Yo recibía la instrucción, por parte del cuerpo de psicólogos de la clínica, de no dejar “hablar
mucho a don Esteban en las sesiones”; cuestión que me extrañaba cuando sabemos que,
justamente, lo importante de un tratamiento es lo que el paciente tiene que decir. Era fácil notar
que la desesperación de mis colegas para con don Esteban no era compartida por mí. Quizás
influyeron muchas cosas, como el genuino gusto que para mí representaba escuchar la poesía que
se le escapaba incluso cuando maldecía con esa voz grave que hacía retumbar la clínica; o tal vez el
simple hecho de que yo era el único elemento del personal que le hablaba de “usted”. Don
Esteban también notaba nuestra buena relación, llegando a solicitarme en varias ocasiones, que
fuera yo quien lo atendiera en psicoterapia individual. A mí también me habría gustado hacerlo,
pero nunca le informé mi sentir (clínicamente hablando eso fue lo mejor). Pero sí cedí a la
transferencia que con él se estableció de maneras ingeniosas, y siempre “consciente” de lo que
estaba pasando. Llegué a regalarle algunas ediciones de una publicación mensual por la que
compartíamos el gusto. Cuando iba por la mía, ahora tomaba una también para él.

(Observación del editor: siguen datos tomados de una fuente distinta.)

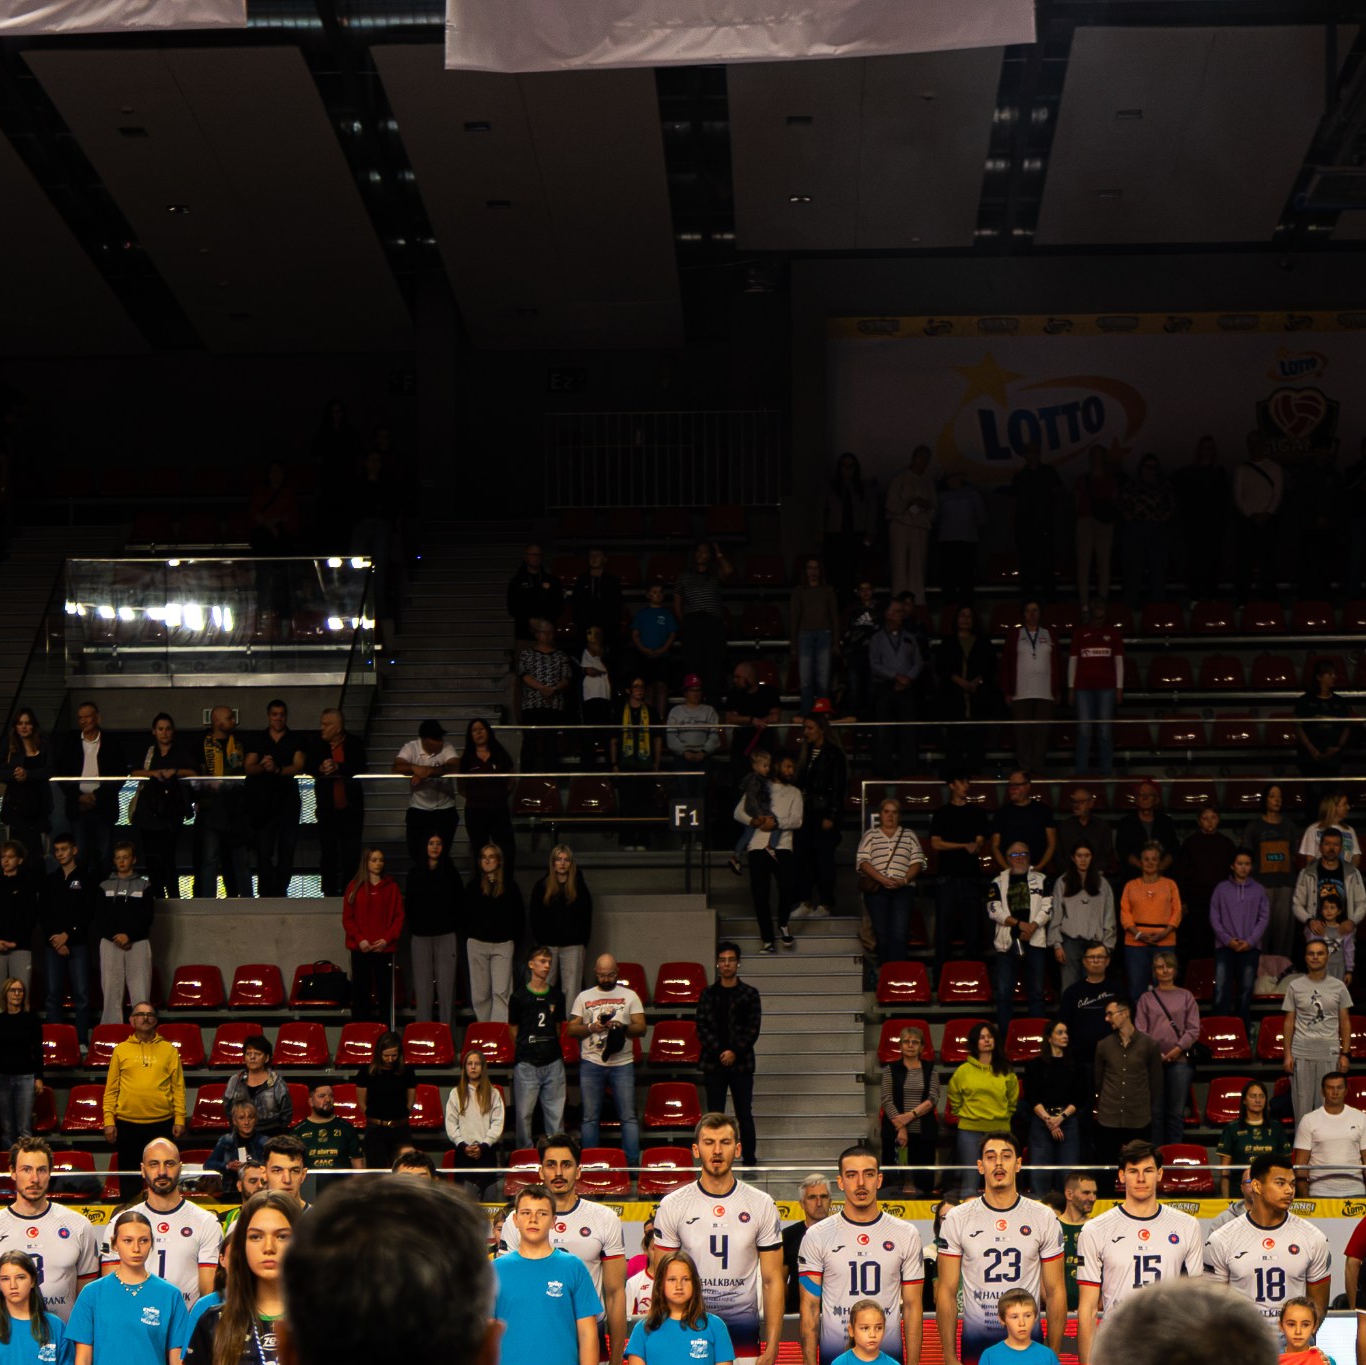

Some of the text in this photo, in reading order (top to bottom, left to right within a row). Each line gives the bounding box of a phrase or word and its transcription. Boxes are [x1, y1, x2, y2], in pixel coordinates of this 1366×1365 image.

¿Qué es un psicótico y qué implican las relaciones con él?; sé que es imposible definir a todos los
psicóticos a partir de este caso particular, pero también sé que ese objetivo no es de mi interés. Lo
único que descubrí, aunque suene duro decirlo, en el trato con don Esteban (y con algunos otros
psicóticos), fue que, después de todo, es una personay no un diagnóstico; que tiene mucho qué
decir y que no siempre estamos dispuestos a escucharlo, y puedo decir también que el trato con
su humor, con sus berrinches, con sus reclamos, con sus tristezas, me hacía pensar, y aún hoy lo
hace, en la nocividad de los diagnósticos psiquiátricos cuando se rebaza su genuina utilidad, la cual
tendría que limitarse, únicamente, a ser un punto de partida para la elaboración de un
tratamiento; y no significar el pretexto sublimado que seres infames con bata blanca encuentran
para saldar sus carencias personales.
“No me gusta hablar con personas que no se soportan a sí mismas”, me dijo; y creo que lo entendí.